Seven states have no separate subminimum wage for workers who make tips. In those states, restaurant industry growth and restaurant employment are stronger and rates of tipping are also just as high or higher than in the rest of the country. Despite these clear examples, lobbyists representing the Maine Restaurant Association have continued to offer dire predictions should Question 4 pass, including claiming that it would somehow harm the workers whose wages would be raised.
“At Lubec Brewing Co. Brewery and Tap Room and the Sunrise Cafe, both in Lubec, we already pay our servers and kitchen staff a base wage of at least $10 per hour, with tips on top of that. We just cannot stomach the idea of making our living off the hard work of our employees if they are not able to make a living themselves,” wrote owner Gale White in an op-ed in the Bangor Daily News last week. “People who work hard should be paid a wage on which they can afford their basic living expenses.”

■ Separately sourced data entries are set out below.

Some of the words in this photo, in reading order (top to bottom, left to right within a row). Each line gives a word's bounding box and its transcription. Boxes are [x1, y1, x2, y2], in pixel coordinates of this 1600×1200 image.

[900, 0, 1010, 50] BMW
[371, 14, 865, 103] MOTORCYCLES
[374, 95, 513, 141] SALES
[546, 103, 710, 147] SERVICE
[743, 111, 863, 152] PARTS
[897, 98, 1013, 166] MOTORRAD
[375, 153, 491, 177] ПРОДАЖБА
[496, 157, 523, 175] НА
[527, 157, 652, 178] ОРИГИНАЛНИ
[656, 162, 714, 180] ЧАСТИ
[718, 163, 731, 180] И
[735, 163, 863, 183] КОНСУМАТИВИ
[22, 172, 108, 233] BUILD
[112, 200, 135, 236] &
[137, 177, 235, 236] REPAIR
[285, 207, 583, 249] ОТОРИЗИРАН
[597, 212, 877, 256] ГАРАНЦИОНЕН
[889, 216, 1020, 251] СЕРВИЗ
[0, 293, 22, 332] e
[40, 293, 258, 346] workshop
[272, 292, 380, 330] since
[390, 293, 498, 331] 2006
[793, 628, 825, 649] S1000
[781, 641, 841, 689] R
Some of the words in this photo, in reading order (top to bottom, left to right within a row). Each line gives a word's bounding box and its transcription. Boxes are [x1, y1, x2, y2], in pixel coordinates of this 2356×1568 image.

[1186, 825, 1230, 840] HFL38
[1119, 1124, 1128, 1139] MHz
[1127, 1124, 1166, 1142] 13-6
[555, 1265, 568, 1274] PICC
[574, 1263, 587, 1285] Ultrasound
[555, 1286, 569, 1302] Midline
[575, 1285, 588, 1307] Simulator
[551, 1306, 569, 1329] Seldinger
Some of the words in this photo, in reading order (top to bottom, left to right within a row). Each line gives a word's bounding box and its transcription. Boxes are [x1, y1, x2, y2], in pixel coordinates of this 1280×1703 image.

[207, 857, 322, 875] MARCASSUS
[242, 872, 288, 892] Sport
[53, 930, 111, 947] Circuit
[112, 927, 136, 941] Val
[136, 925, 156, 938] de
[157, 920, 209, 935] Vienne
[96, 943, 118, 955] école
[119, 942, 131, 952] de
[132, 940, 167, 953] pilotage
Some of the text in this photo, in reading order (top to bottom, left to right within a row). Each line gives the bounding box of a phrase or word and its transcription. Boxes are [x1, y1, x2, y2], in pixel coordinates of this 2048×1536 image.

“Think about it: Do you tip more in New Hampshire, where the subminimum wage is lower? Would you tip less in New York, where it’s twice as high? Of course not,” wrote server Ali Monceaux in a letter to the Portland Press Herald. “Raising the wage simply means fewer of my colleagues will live in poverty. That’s why restaurant workers overwhelmingly support raising the minimum wage and why many restaurant owners have joined them. In fact, more Maine restaurants have now publicly endorsed Question 4 than oppose it.”
Nearly 80 percent of servers in Maine are women, and one in three are supporting families. The median wage for a waiter or waitress in Maine is $9.06 an hour, including tips, according to the Bureau of Labor Statistics.